* **Exercise description**
An exact, picture-free copy of the listing is required.

* **Task data**
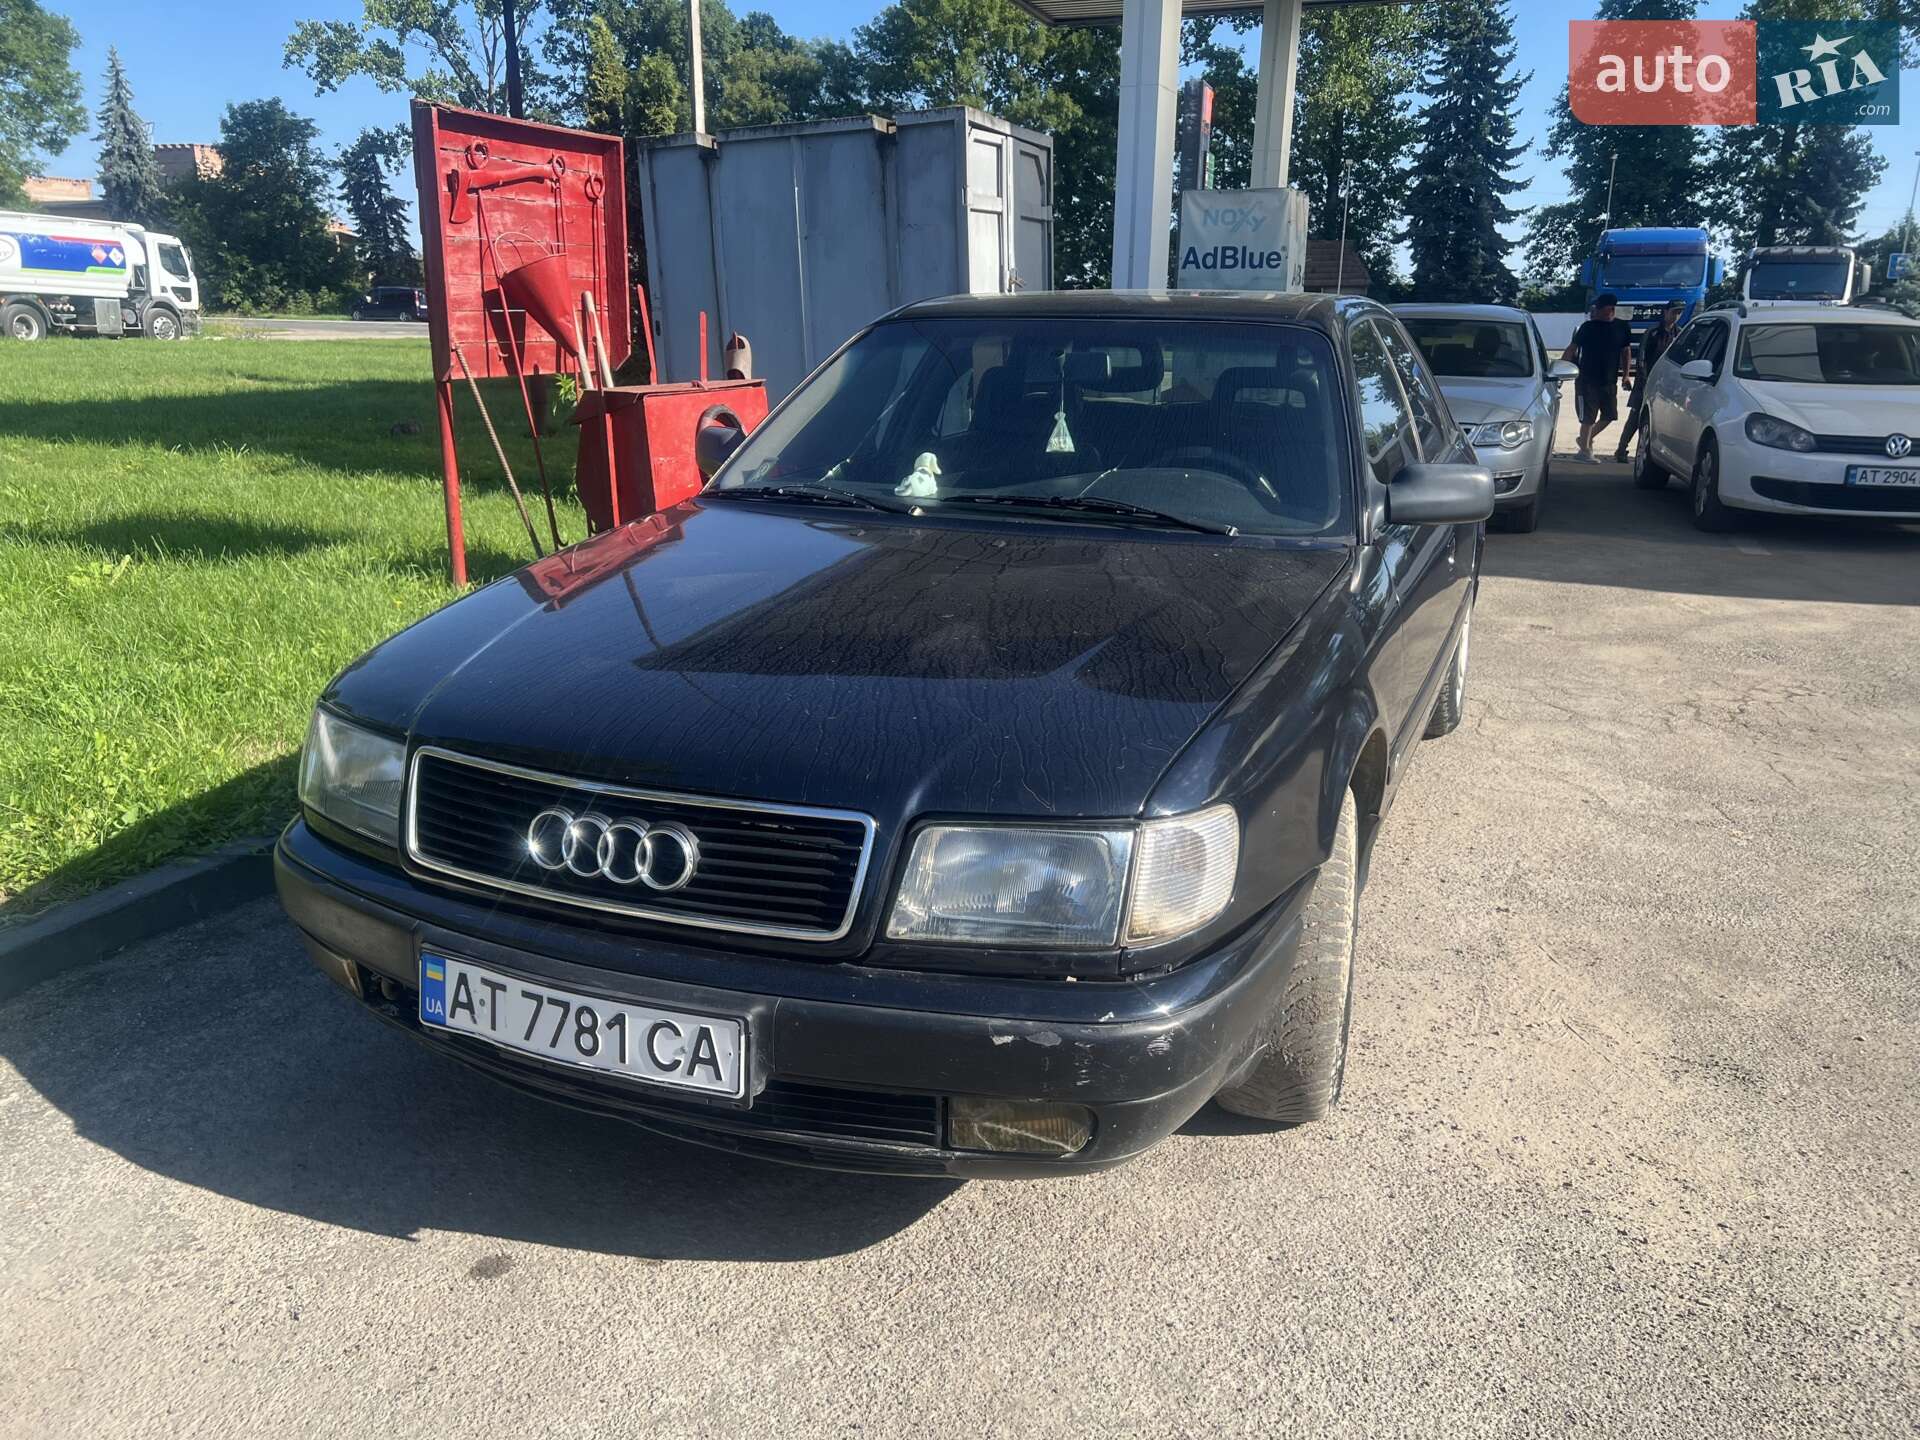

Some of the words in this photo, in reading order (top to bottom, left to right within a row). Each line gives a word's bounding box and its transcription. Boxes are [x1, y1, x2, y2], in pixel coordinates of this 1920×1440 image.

[1859, 469, 1881, 483] AT
[1883, 470, 1917, 484] 2904
[426, 996, 444, 1017] UA
[449, 971, 507, 1032] AT
[521, 989, 629, 1066] 7781
[647, 1018, 724, 1082] CA
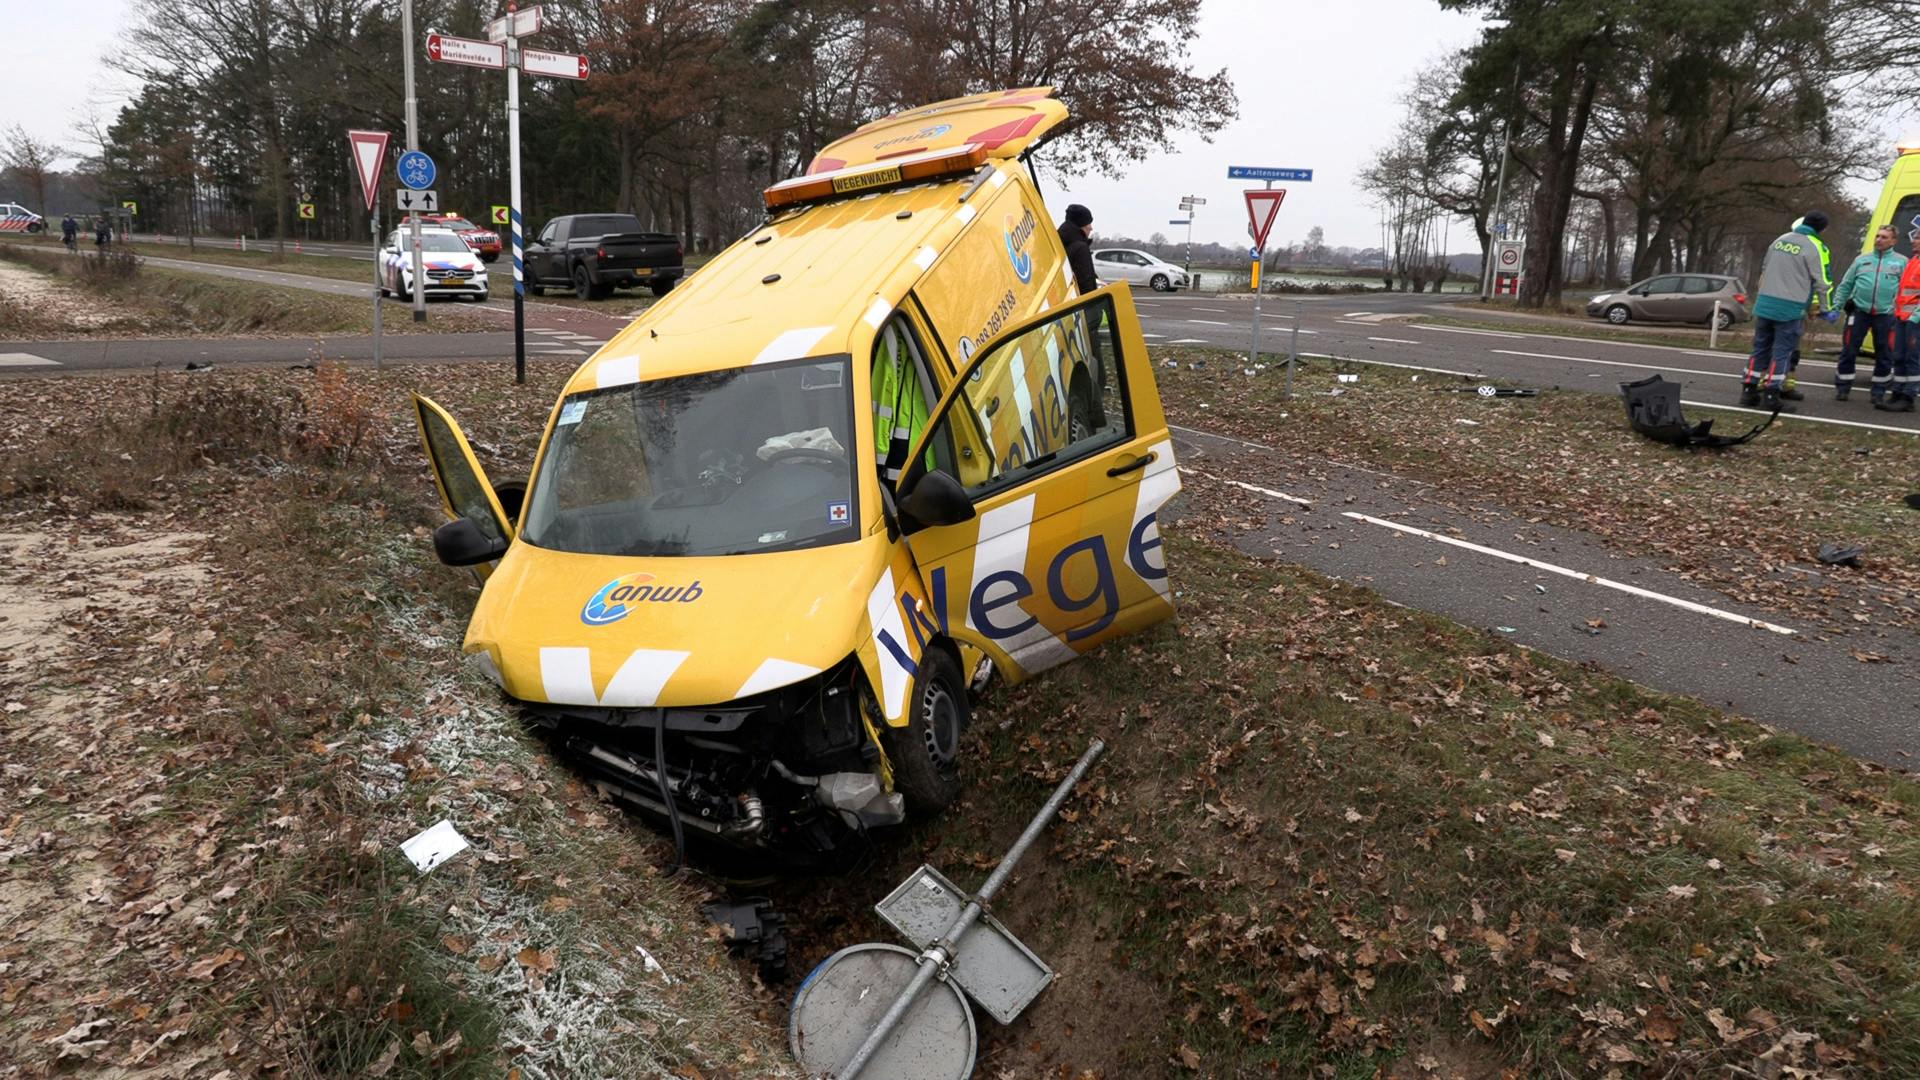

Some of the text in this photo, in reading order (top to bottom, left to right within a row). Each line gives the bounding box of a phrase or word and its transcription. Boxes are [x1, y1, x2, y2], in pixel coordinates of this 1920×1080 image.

[441, 39, 461, 49] Halle
[525, 51, 552, 61] Hengelo
[834, 167, 900, 190] WEGENWACHT
[1246, 169, 1295, 179] Aaltenseweg
[1010, 203, 1036, 252] anwb
[987, 311, 1002, 336] 269
[998, 299, 1009, 321] 28
[1005, 289, 1016, 310] 88
[610, 580, 703, 603] anwb
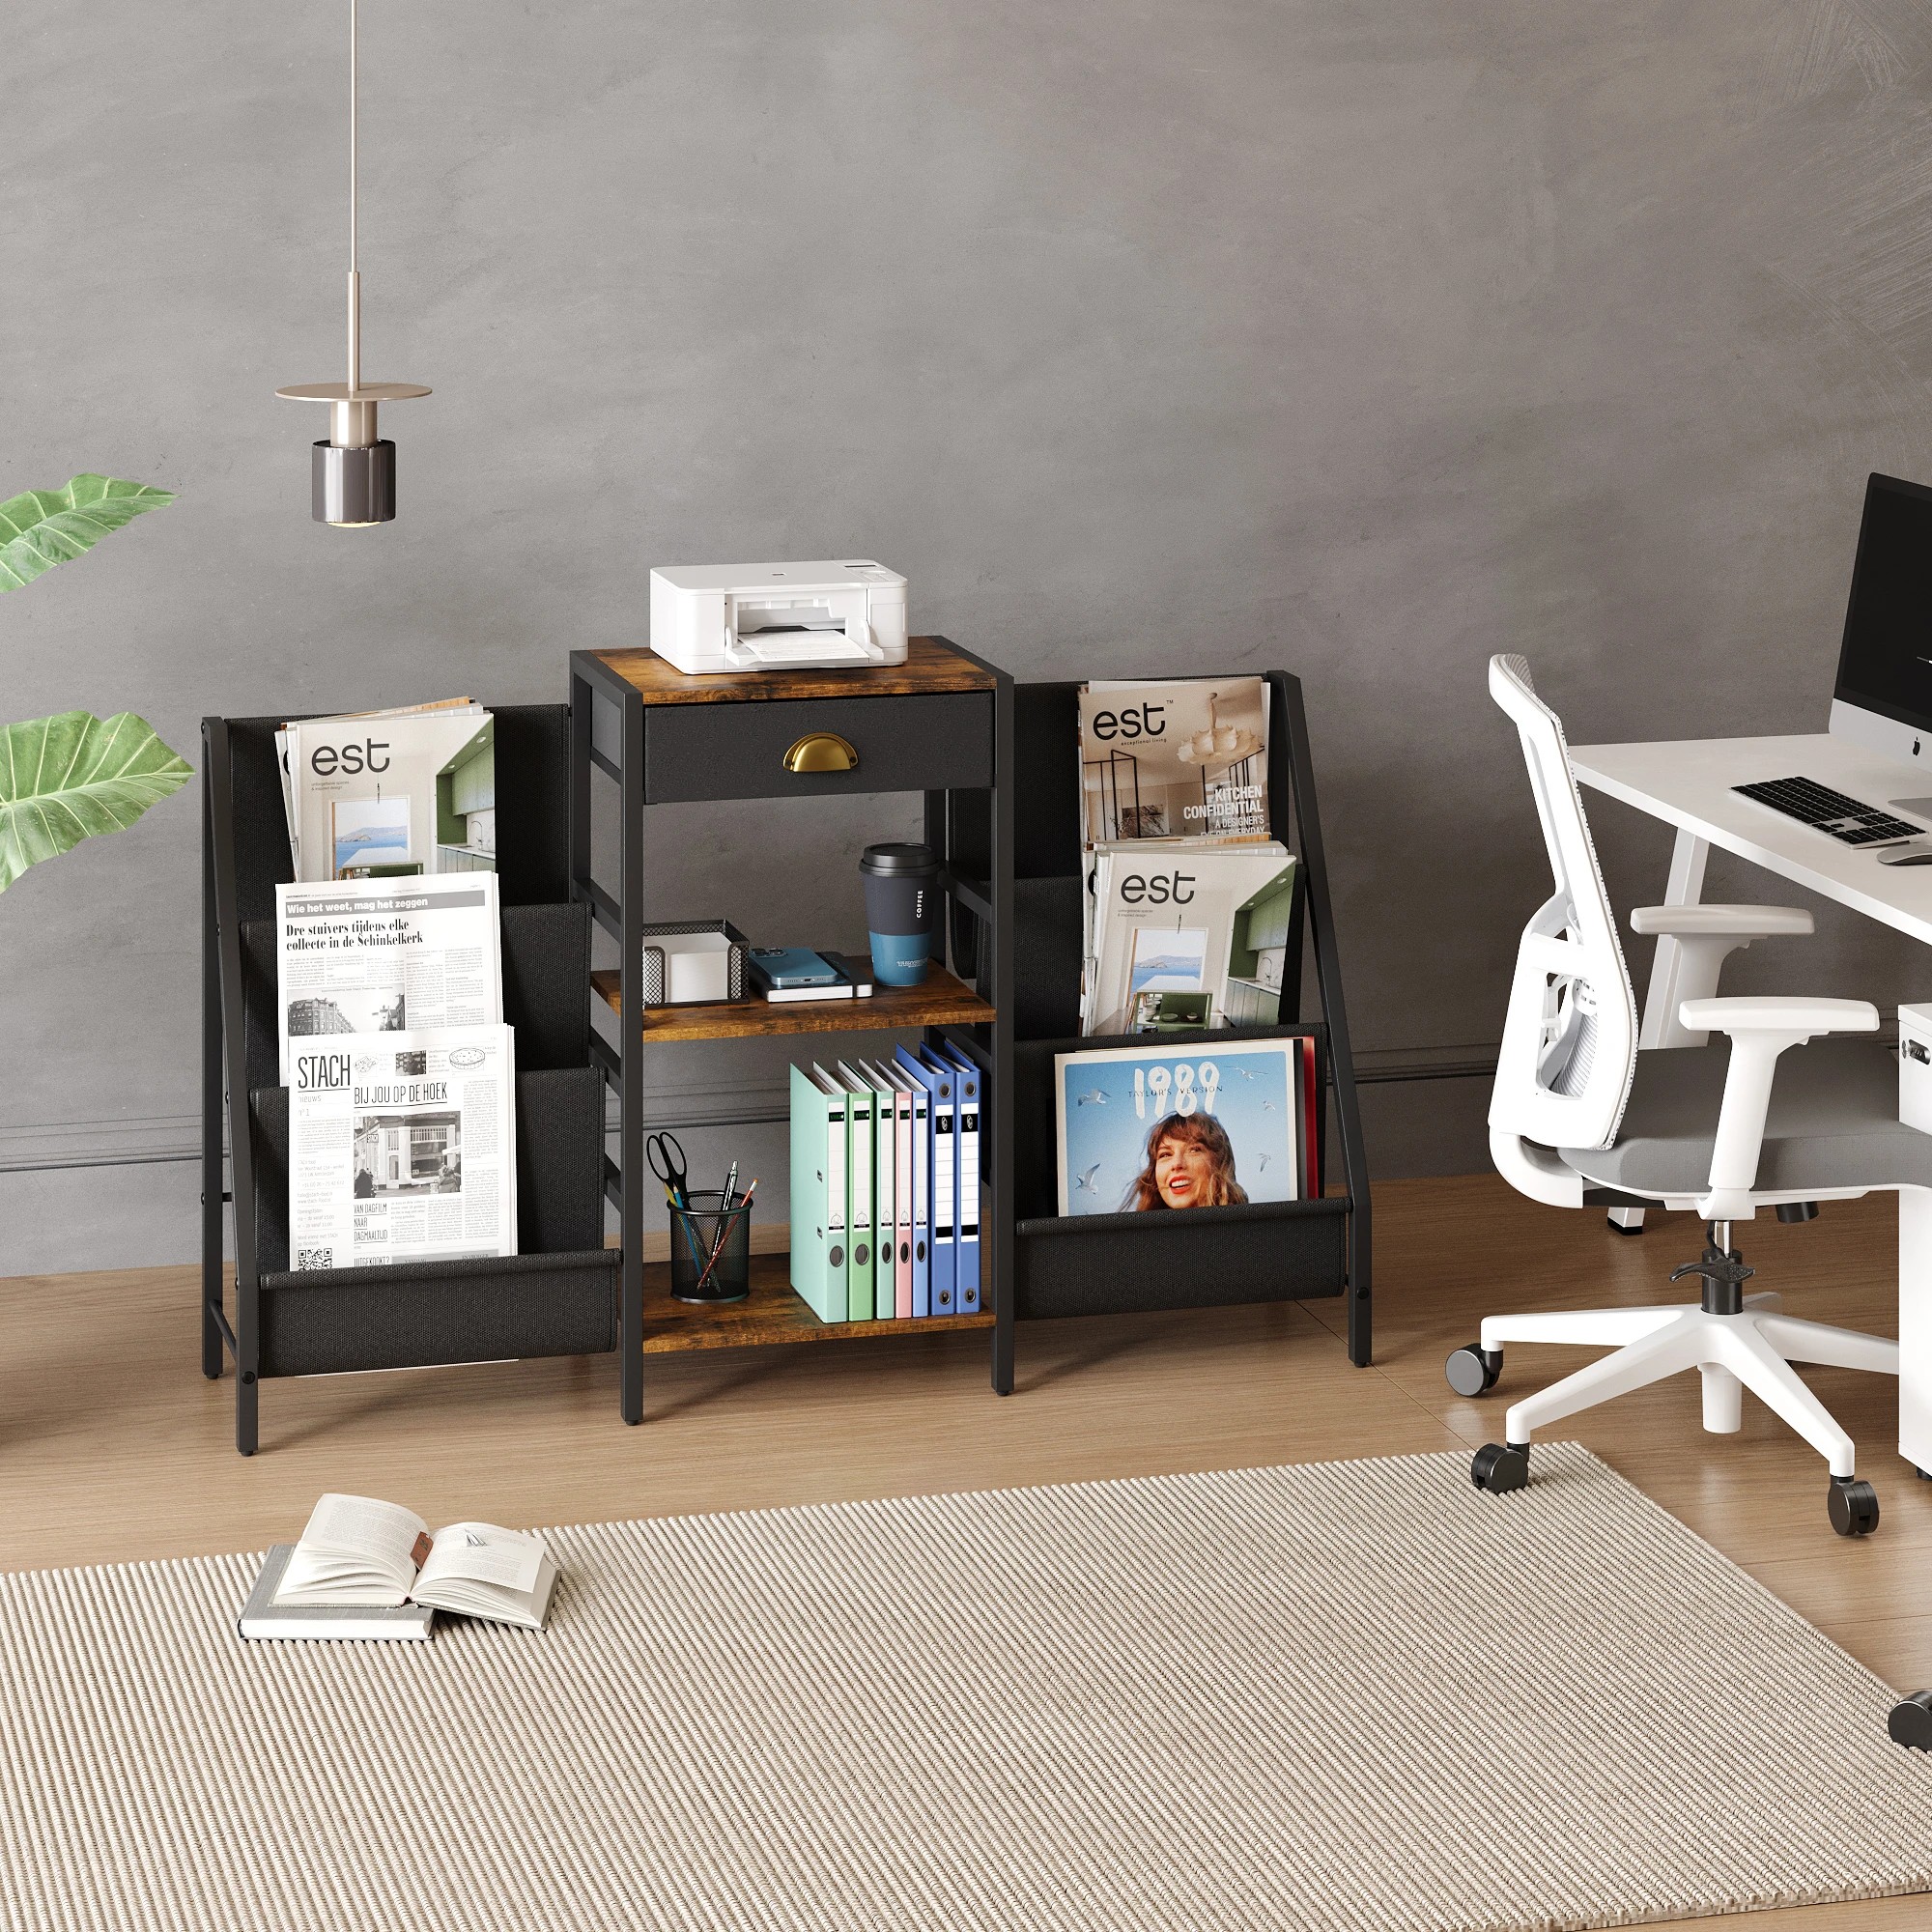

* **Answer to the problem**
Some of the words in this photo, in reading order (top to bottom, left to right within a row). Each line gives a word's bounding box and its transcription. Boxes are [x1, y1, x2, y2], in pixel coordinates of this 1920×1440 image.

[1859, 469, 1881, 483] AT
[1883, 470, 1917, 484] 2904
[426, 996, 444, 1017] UA
[449, 971, 507, 1032] AT
[521, 989, 629, 1066] 7781
[647, 1018, 724, 1082] CA

Some of the text in this photo, in reading order (top to bottom, left to right within a row). Each line gives the bounding box of a phrase or word and its transcription. Boxes are [x1, y1, x2, y2], in pixel coordinates of this 1920×1080 image.

[441, 39, 461, 49] Halle
[525, 51, 552, 61] Hengelo
[834, 167, 900, 190] WEGENWACHT
[1246, 169, 1295, 179] Aaltenseweg
[1010, 203, 1036, 252] anwb
[987, 311, 1002, 336] 269
[998, 299, 1009, 321] 28
[1005, 289, 1016, 310] 88
[610, 580, 703, 603] anwb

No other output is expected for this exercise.